# COGS 108 - EDA Checkpoint

# Names

- Goldie Chu
- Tram Bui
- Justin Huang
- Tiffany Cheng
- Jason Lee

<a id='research_question'></a>
# Research Question

Is there a relationship between a country’s economy and their Michelin Star Restaurants for 2021?

(Note: Michelin stars fluctuate year to year because they are annually reviewed)

# Dataset(s)

## 1. Michelin Guide Restaurants 2021 
- Link to the dataset: https://www.kaggle.com/datasets/ngshiheng/michelin-guide-restaurants-2021
- Number of observations: 6353
- Description of the dataset: This dataset provides the name, address, price, cuisine type, and phone number of Michelin Star Restaurants worldwide in 2021. This will give us more information on the country in which the restaurant is located in order for us to make observations relating to the country and GDP.

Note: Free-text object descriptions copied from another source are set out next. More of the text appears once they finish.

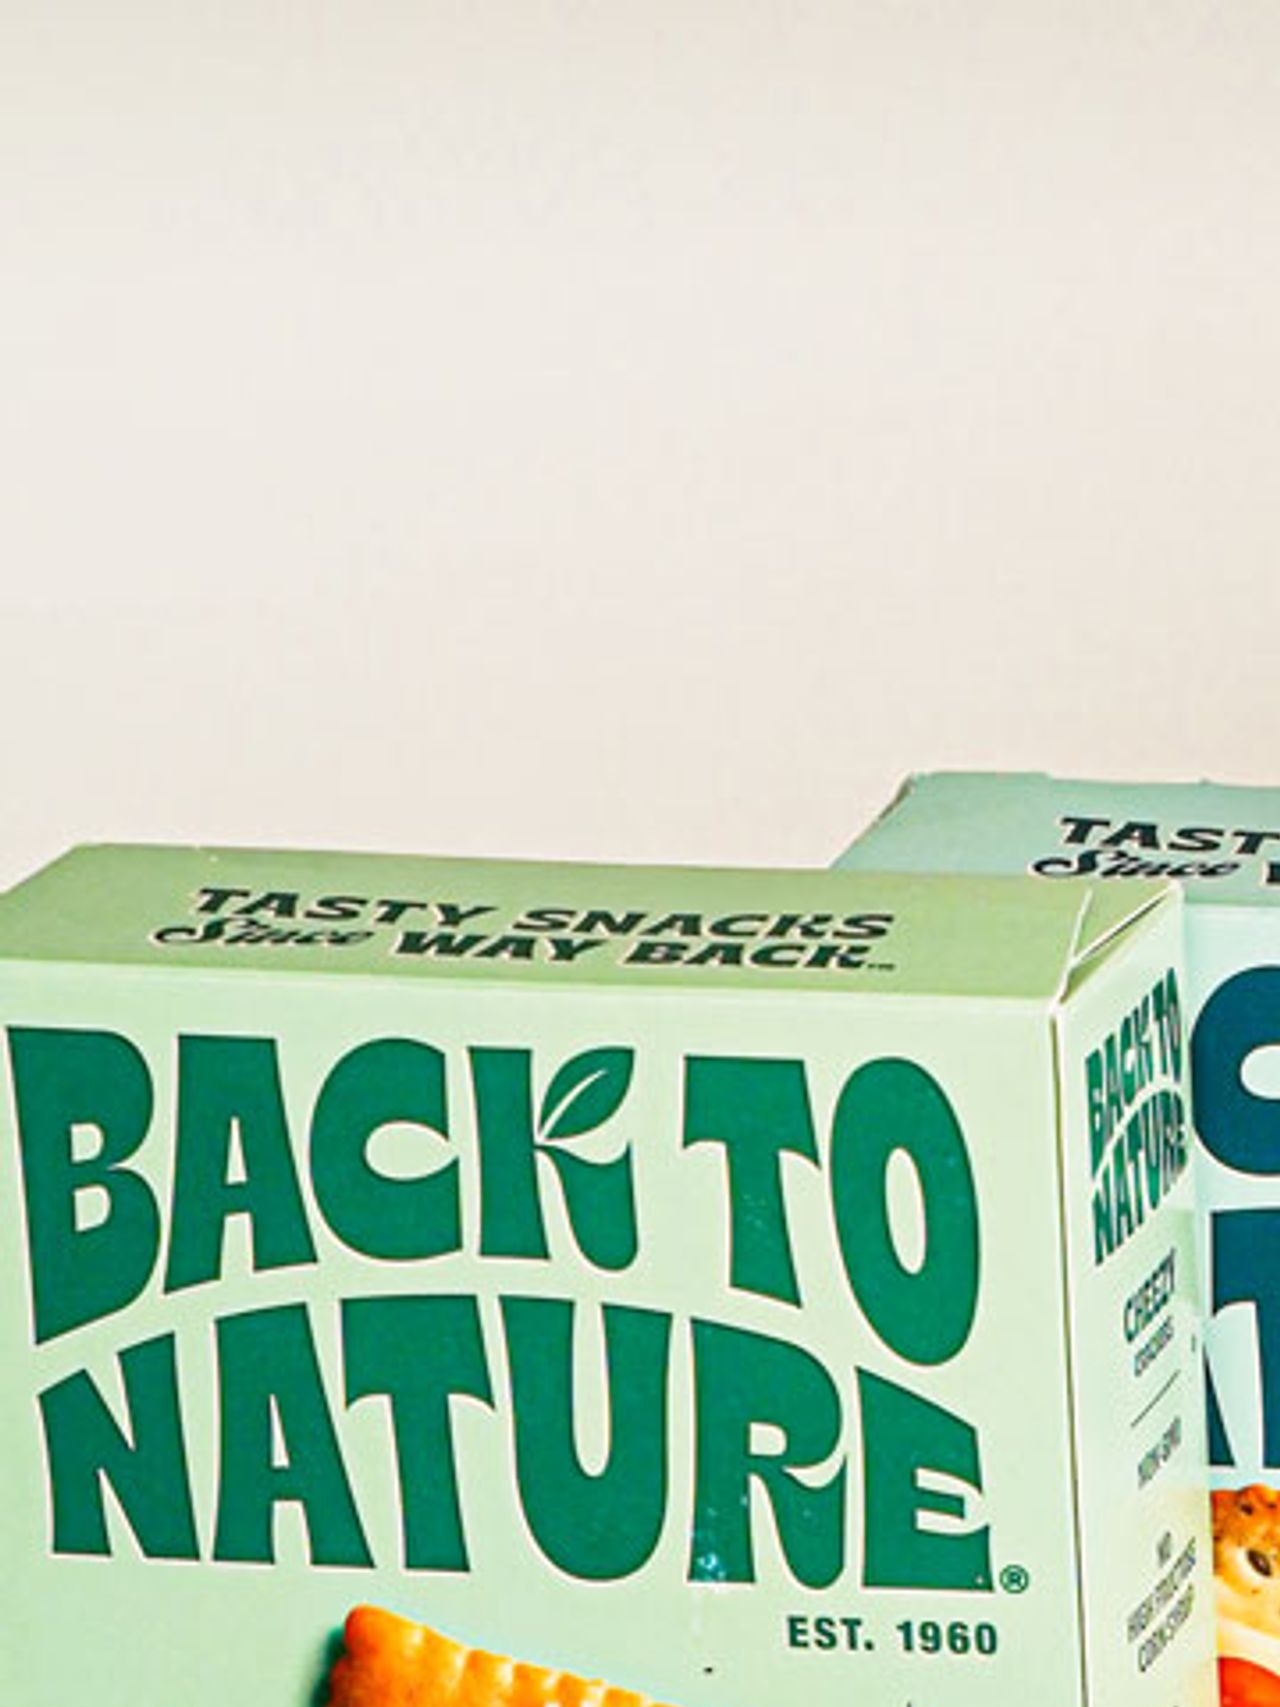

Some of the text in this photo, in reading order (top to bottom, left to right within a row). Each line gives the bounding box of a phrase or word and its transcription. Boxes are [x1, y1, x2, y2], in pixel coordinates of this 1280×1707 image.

[1030, 846, 1243, 881] Since
[154, 917, 374, 948] Since
[395, 930, 598, 962] WAY
[196, 888, 895, 940] TASTY SNACKS
[1085, 966, 1182, 1181] BACK TO
[5, 1025, 980, 1365] BACK TO
[1092, 1089, 1188, 1265] NATURE
[787, 1613, 999, 1658] EST. 1960

## 2. GDP per Capita, Current Prices (U.S. Dollars per Capita)
- Link to the dataset: https://www.imf.org/external/datamapper/NGDPDPC@WEO/OEMDC/ADVEC/WEOWORLD 
- Number of observations: 231 
- Description of the dataset: This dataset provides the gross domestic product (GDP) per capita of all the countries in the world from 1980 to 2027. Any years after 2021 are expected values. We plan to combine this dataset with the ‘Michelin Guide Restaurants 2021’ dataset by merging the 2021 GDP column of countries to the above table. 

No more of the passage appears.